· 2 min read

Kuru Fasulye Ekmek

White bean stew with bread; classic home cooking, restaurant staple.

🇹🇷 Turkey · Family: Ekmek arası


Kuru Fasulye Ekmek is white bean stew served with bread, and it sits at the edge of what a sandwich is. Kuru fasulye is one of Turkey's bedrock dishes, a staple of home kitchens and a fixture on restaurant menus across the country, and the bread is its constant companion rather than a wrapper. We catalog it here because the ekmek is not incidental: the bean stew is built to be eaten with bread, scooped and soaked, and the two function as one meal in the way a sandwich does, even though the assembly is open rather than closed.

The dish is the stew and the bread is the tool. Dried white beans are simmered slow and long until the skins are tender and the insides creamy, in a tomato-based, lightly spiced sauce, often with onion and sometimes a piece of meat or sucuk worked in for depth. The result is somewhere between soup and stew, loose enough to soak bread but thick enough to hold on it. The ekmek is plain white Turkish bread, torn by hand and used to scoop the beans, mop the sauce, and carry both to the mouth, so each bite is bread loaded with stew rather than stew eaten beside bread. Good execution shows in the beans: cooked all the way through so they are soft and the sauce has thickened into something glossy and round, seasoned with restraint so the bean flavor still reads. The bread has to be fresh enough to soak without immediately disintegrating. Sloppy versions serve beans still firm at the center in a thin, watery sauce, or over-salt the stew so the bread cannot temper it, or pair it with stale bread that turns to mush on contact.

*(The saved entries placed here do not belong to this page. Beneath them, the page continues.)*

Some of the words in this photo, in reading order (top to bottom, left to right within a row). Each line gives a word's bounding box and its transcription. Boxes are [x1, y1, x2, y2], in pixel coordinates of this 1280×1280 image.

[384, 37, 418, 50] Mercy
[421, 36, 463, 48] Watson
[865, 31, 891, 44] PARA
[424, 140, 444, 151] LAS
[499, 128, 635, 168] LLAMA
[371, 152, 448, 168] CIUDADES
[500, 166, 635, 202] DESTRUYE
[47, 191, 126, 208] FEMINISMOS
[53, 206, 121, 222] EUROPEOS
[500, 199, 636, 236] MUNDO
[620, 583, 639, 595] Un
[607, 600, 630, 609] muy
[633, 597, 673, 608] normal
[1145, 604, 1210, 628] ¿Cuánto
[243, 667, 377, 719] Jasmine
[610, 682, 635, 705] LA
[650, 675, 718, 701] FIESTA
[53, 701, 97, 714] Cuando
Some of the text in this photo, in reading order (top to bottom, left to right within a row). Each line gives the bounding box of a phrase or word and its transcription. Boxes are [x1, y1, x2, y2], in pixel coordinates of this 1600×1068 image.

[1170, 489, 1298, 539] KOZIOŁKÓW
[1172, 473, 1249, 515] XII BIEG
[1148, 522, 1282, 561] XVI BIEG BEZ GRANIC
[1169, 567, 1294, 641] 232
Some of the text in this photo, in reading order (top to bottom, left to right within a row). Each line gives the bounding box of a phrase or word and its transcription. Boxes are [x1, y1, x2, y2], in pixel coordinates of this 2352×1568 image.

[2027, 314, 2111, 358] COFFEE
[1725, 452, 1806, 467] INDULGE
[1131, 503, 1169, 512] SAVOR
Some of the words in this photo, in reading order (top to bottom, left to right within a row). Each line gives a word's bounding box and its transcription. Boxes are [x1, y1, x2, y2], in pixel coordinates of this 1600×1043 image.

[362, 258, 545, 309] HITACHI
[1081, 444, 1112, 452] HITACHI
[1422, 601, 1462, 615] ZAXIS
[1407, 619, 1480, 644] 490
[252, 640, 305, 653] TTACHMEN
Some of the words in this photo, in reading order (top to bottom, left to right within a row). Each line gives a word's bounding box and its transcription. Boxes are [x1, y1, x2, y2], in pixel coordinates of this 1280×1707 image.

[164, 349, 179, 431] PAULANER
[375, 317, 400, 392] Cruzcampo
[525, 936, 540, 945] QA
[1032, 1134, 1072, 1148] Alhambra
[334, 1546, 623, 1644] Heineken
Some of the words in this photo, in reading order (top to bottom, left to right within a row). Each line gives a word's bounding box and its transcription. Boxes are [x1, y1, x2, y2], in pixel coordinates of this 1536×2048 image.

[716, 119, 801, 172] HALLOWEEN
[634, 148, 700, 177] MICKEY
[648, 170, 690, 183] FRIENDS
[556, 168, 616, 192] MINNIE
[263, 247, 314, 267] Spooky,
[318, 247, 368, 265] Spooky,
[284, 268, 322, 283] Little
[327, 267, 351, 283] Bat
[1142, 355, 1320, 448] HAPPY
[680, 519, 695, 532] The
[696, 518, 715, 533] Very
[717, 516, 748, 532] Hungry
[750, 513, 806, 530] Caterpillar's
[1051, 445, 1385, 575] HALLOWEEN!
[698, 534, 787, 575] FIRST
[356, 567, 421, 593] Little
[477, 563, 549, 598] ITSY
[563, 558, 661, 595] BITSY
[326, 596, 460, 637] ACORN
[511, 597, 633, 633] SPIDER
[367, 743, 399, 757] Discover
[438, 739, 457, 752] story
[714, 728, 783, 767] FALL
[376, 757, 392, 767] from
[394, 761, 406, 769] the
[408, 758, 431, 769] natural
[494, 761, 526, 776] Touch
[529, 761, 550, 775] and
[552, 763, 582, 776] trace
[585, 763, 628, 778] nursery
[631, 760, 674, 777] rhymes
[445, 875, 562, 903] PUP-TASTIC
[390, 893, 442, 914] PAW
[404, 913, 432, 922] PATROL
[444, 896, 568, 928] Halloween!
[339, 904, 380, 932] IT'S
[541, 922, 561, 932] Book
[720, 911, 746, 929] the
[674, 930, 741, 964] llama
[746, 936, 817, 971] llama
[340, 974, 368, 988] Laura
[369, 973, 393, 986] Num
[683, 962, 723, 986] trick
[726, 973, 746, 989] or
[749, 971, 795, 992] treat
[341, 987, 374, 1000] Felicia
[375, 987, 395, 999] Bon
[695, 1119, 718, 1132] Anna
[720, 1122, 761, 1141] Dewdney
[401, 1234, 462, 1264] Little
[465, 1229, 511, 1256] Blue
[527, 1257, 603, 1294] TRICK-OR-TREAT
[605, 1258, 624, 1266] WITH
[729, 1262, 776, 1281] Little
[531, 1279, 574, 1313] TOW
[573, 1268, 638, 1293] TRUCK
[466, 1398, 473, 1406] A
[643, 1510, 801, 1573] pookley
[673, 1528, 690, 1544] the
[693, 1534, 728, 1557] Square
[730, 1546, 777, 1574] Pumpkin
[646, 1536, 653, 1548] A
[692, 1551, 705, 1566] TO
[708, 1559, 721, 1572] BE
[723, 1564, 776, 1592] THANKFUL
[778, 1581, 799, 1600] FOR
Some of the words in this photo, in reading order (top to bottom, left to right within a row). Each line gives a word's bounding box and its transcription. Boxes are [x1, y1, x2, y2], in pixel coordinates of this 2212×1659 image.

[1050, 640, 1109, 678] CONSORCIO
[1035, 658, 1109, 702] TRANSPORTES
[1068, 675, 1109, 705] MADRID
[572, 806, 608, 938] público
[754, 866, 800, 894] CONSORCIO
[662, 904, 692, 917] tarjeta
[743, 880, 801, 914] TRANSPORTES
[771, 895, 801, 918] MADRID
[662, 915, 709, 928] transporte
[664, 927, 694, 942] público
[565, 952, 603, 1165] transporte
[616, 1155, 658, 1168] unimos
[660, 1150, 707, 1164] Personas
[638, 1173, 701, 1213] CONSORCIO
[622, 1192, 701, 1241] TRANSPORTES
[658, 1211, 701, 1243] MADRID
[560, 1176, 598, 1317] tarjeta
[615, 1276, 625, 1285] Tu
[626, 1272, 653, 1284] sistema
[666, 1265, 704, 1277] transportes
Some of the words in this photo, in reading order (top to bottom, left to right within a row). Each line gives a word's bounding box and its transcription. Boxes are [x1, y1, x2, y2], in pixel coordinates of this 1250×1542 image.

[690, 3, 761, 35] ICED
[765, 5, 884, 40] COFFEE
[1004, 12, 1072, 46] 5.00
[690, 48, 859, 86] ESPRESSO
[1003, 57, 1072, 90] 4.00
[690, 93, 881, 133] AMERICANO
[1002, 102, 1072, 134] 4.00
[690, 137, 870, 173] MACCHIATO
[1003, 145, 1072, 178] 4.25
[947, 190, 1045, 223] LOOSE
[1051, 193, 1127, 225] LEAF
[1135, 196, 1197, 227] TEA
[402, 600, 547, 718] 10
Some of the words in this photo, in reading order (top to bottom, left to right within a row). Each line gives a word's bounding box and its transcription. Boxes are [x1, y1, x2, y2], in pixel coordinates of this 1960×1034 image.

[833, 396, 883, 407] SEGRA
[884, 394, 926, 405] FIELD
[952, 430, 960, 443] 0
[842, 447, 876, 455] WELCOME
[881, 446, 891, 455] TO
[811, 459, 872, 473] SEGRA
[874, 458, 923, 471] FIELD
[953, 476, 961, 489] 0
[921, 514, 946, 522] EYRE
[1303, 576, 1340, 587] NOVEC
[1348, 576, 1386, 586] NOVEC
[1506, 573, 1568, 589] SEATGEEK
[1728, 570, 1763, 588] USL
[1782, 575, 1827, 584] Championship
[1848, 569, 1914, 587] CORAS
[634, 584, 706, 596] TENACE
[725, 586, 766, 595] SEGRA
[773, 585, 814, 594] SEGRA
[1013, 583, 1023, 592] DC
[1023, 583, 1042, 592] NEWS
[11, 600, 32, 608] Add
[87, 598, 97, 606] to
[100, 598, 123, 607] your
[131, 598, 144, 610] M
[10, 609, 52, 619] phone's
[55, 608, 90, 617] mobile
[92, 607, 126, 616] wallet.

Variation is mostly in the sauce and what goes into it. A plain meatless version leans on tomato and a little spice; richer builds add sucuk, pastırma, or lamb, which deepen the stew considerably. Heat varies by hand, some keep it gentle, others push pul biber hard. What stays fixed is the bread alongside it and the scoop-and-soak way of eating. The proper closed Turkish bread-filled street sandwiches are a different tradition and deserve their own article rather than being crowded in here.